(Washington) Washington a assuré vendredi travailler avec l’Organisation mondiale du commerce (OMC) pour permettre une « distribution équitable » des vaccins contre la COVID-19, selon un responsable américain du Commerce, sans aller jusqu’à prendre position sur la question de la levée des brevets.

Agence France-Presse

« Nous travaillons avec nos partenaires internationaux pour étudier des manières pragmatiques et efficaces d’augmenter la production et la distribution équitable des vaccins », a indiqué un responsable des services de la représentante américaine au Commerce (USTR) à des journalistes.

Il n’a toutefois pas précisé la position américaine quant à la levée temporaire des brevets sur les vaccins, réclamée par l’Inde et l’Afrique du Sud pour pouvoir accélérer la production.

La porte-parole de la Maison-Blanche Jen Psaki avait indiqué mardi que l’administration devait encore « évaluer s’il était plus efficace de fabriquer (le vaccin) ici pour le distribuer ensuite aux autres pays ou si la levée de la propriété intellectuelle est une option ».  

« L’USTR n’a pas encore fait de recommandations et le président n’a pas pris de décisions », avait-elle alors ajouté.

La représentante américaine au Commerce Katherine Tai s’est récemment entretenu avec des responsables des laboratoires pharmaceutiques Moderna, Pfizer, AstraZeneca et Johnson & Johnson.

Ceux qui s’opposent à la levée temporaire des droits sur les vaccins craignent que les laboratoires soient découragés par la perspective de retours sur investissement bridés, ce qui a poussé la directrice de l’OMC Ngozi Okonjo-Iweala à chercher une « troisième voie ».
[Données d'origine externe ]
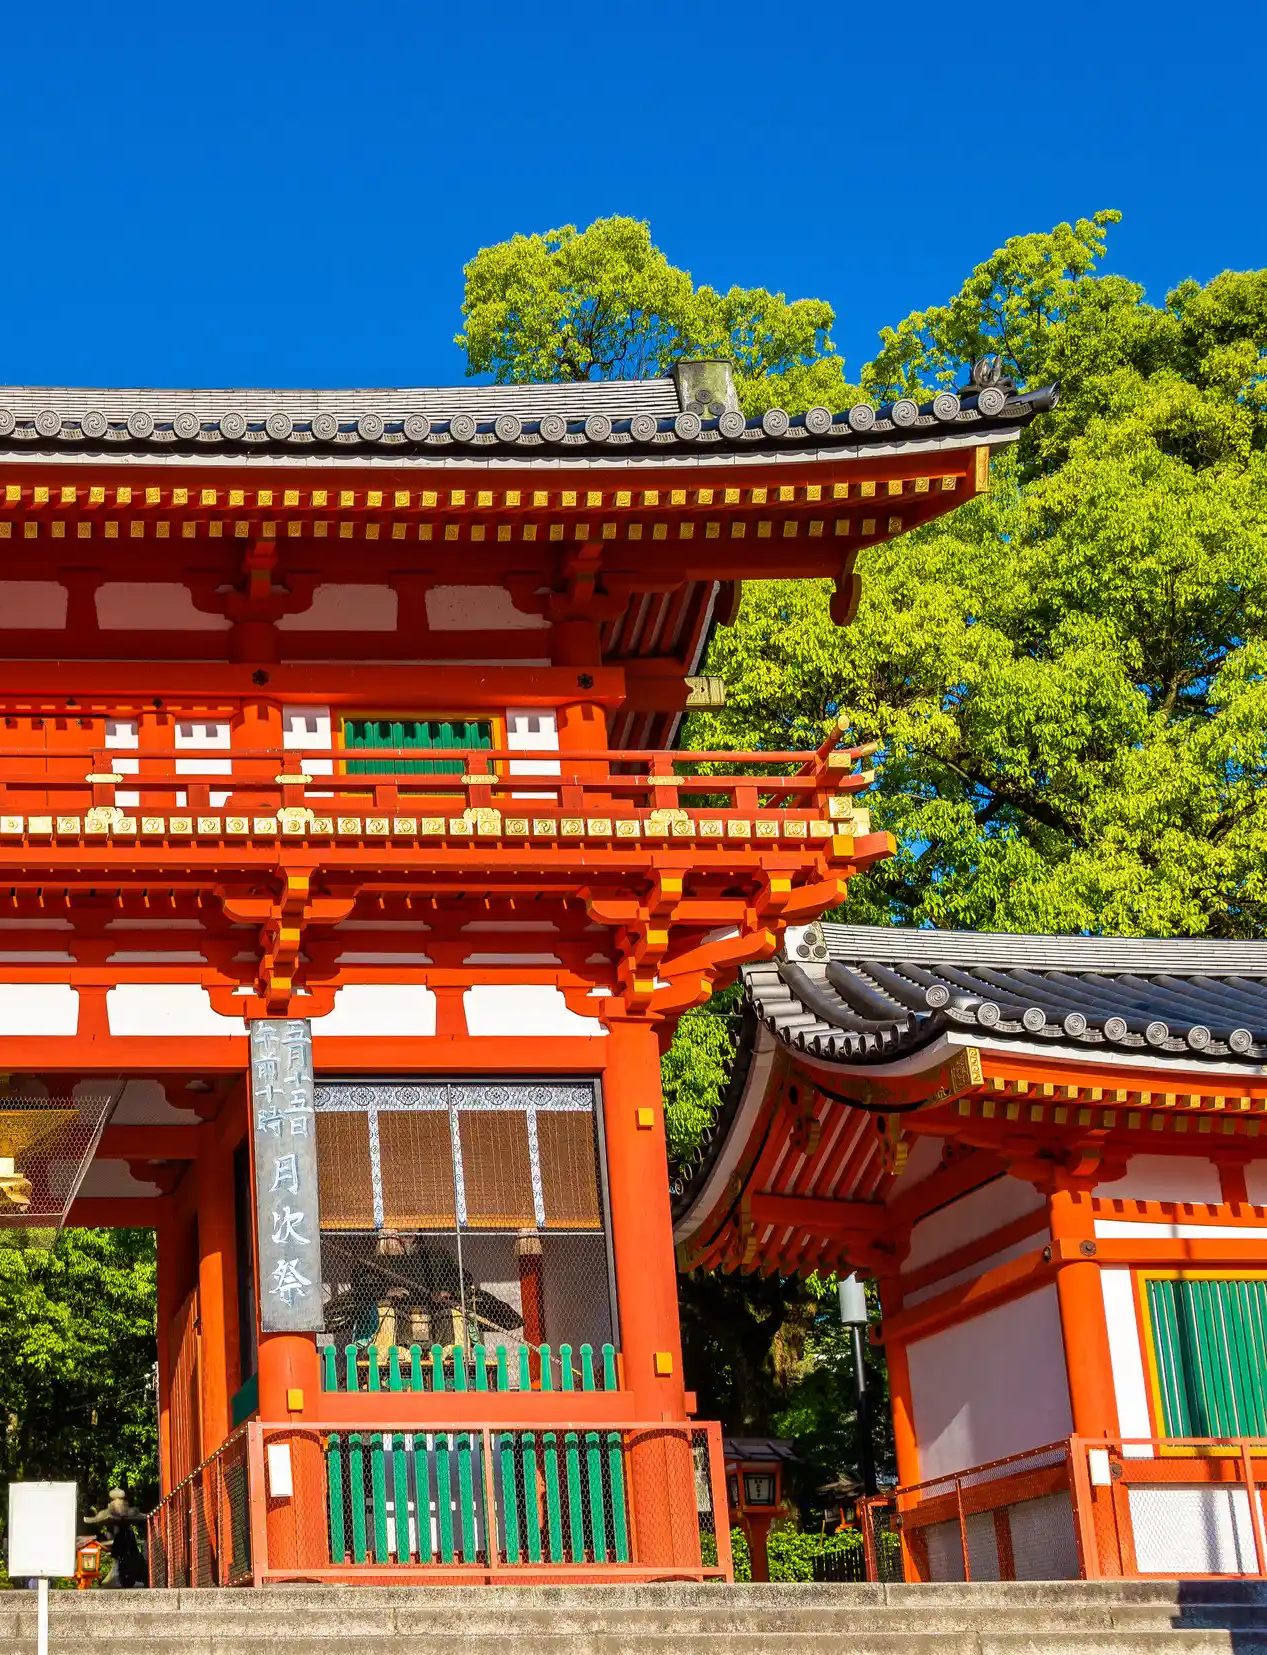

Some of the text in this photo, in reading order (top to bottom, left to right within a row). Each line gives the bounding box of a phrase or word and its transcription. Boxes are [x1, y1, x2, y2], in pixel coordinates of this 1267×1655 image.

[253, 1021, 285, 1138] 午前十時
[280, 1020, 315, 1138] 五月十五日
[268, 1152, 311, 1308] 月次祭
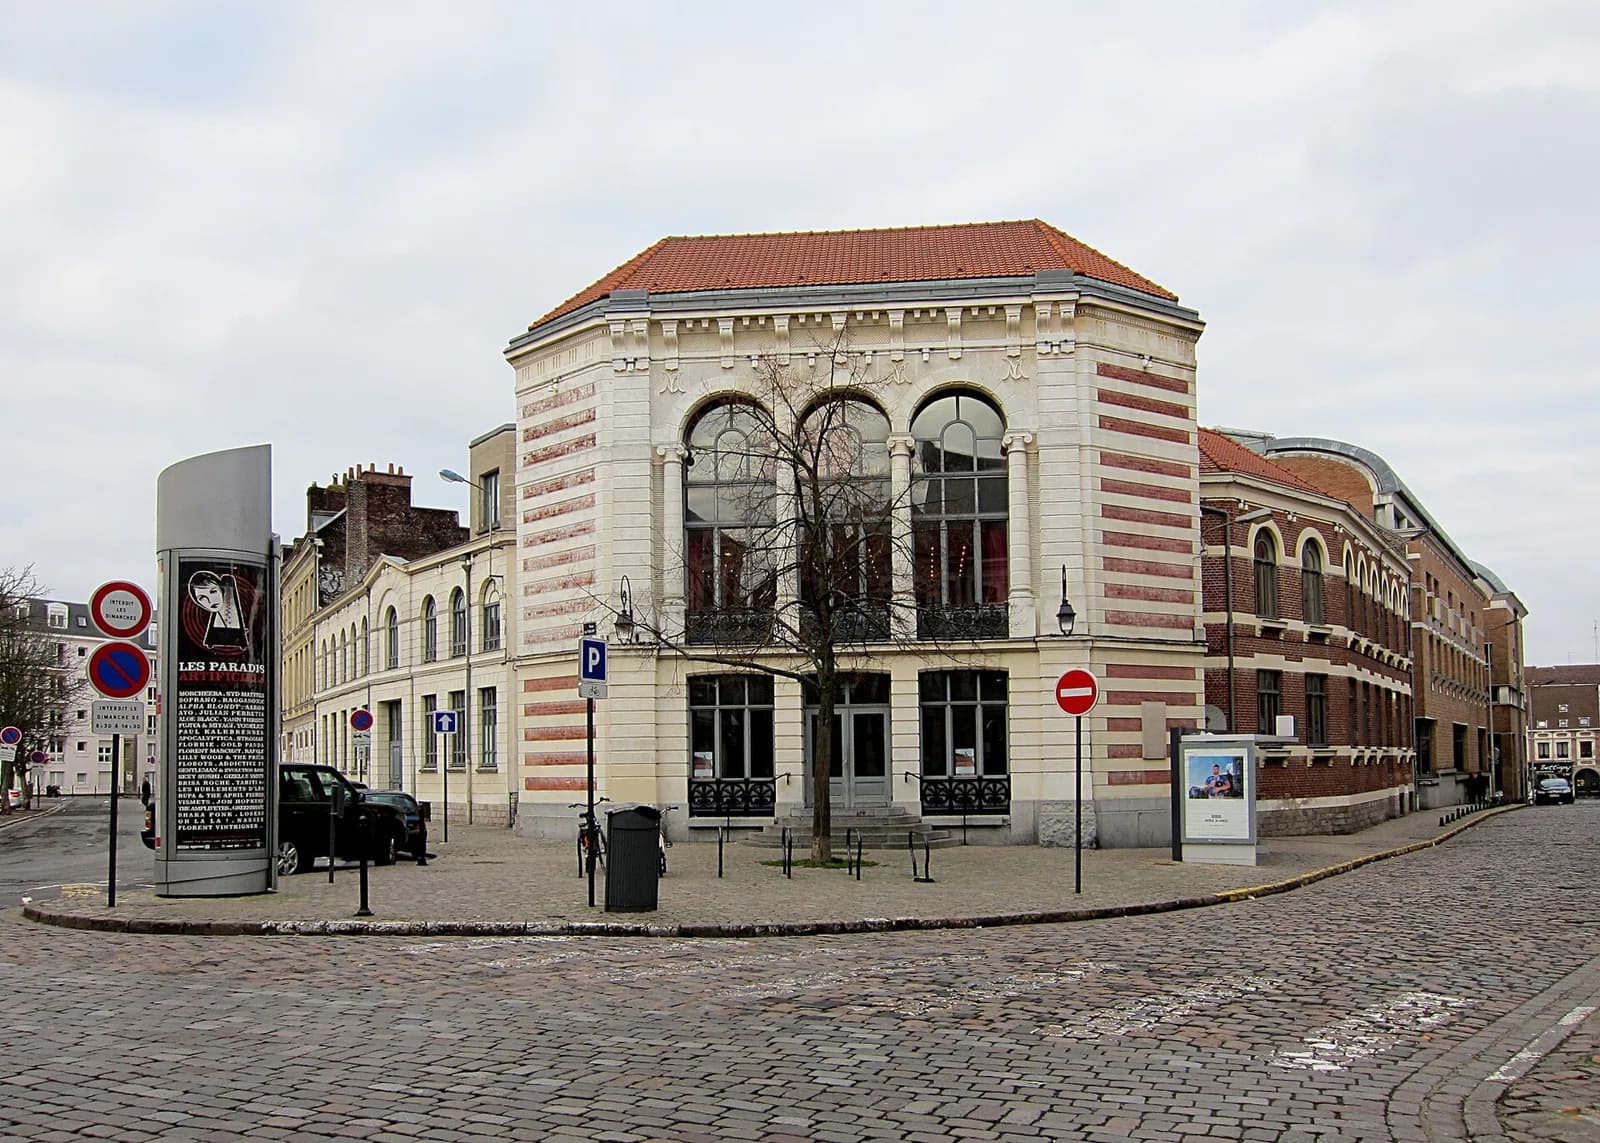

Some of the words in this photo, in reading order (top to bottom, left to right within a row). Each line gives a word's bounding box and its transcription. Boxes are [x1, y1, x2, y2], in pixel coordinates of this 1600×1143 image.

La puissante Chambre de commerce américaine a ainsi mis en garde contre « la croyance erronée selon laquelle les droits de propriété intellectuelle peuvent être une barrière à l’accès aux vaccins contre la COVID-19 ».

« Les droits de propriété intellectuelle aident-ils n’entravent pas-l’accès à l’innovation en permettant des investissements à long terme », a déclaré son vice-président Patrick Kilbride, vendredi dans un communiqué.

Sur les plus de 835 millions de doses qui avaient été administrées dans le monde au 15 avril, 48 % l’avaient été dans les pays riches, contre seulement 0,1 % dans les 29 pays les plus pauvres, selon les calculs de l’AFP.

« La priorité des États-Unis est de sauver des vies et de mettre fin à la pandémie », a ajouté le responsable de l’USTR, mettant en avant l’« engagement » des États-Unis, annoncé en février, à injecter 4 milliards de dollars dans le programme Covax.

Ce partenariat public-privé entre l’OMS, l’Alliance du Vaccin (Gavi) et la Cepi (Coalition pour les innovations en matière de préparation aux épidémies), doit garantir une distribution équitable de vaccins anti-COVID-19 en particulier à 92 pays pauvres.